Apple's iTunes is the default media player and organizer for the multitudes of iPod, iPhone, and iPad-toting trendsters, but Apple hasn't rested on its laurels, continuing instead to add features and improve the software. Version 10 added Apple TV integration, TV show rentals, better app management, and a few cosmetic changes, but the real new meat was Ping, a Facebook-like music-oriented social network that lives inside the media player software. Version 10.2 adds support for the iOS 4.3 operating system on iPod touch, iPhone, and iPad 2 ($499-$829, 4.5 stars), along with support for Home Sharing's streaming video to those devices. New AirPlay support lets you stream music to compatible audio devices—which are finally showing up. Whether you use an iDevice or not, iTunes is still the media organizer to beat.

iTunes is jam-packed with extra features—far too many to detail in this review. Genius playlists and Genius mixes are a great example of this. They automatically create playlists based on song styles and moods. iTunes LP is another, giving you liner notes, photos, and video to go along with an album. Its DJ feature lets you create a live mix in which friends can make requests and vote on songs. This is in addition to what other players give you—an equalizer, Internet radio, and podcast subscriptions. See our previous reviews of iTunes for more on these features. In this review below, I'll mainly concentrate on iTunes' newer features.

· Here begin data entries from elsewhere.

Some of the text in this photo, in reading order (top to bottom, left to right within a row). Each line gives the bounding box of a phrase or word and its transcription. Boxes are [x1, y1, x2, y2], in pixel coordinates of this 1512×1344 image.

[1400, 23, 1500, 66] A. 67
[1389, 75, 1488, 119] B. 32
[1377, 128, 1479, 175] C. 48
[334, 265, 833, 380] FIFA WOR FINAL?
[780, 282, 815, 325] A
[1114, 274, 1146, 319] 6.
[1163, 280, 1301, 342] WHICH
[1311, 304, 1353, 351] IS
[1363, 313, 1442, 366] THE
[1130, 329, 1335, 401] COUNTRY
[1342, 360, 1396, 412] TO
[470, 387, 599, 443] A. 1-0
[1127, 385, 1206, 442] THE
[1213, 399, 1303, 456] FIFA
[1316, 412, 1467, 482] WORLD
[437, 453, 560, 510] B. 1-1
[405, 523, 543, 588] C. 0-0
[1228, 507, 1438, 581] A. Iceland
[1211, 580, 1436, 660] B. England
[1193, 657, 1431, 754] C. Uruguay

Setup and First Impressions
iTunes is, of course, available for Mac OS X (version 10.5 or later), as well as Windows 7, Vista, and XP. If your PC is running a 64-bit version of Vista or Windows 7, you'll need to download the separate 64-bit installer. By default, the installer makes iTunes your default player for audio files, though you can uncheck this if you prefer Windows Media Player (Free, 4 stars), Winamp (Free, 4 stars), or another player.

After you install the software on a Mac, a setup assistant asks you questions that help it customize your installation. The Windows version asks you whether you want to add all songs, audio, and convert and add Windows Media Audio (WMA) files. You can also have iTunes organize your library by renaming files and moving them to the folders that match. A final privacy check asks if you want the app to download album art.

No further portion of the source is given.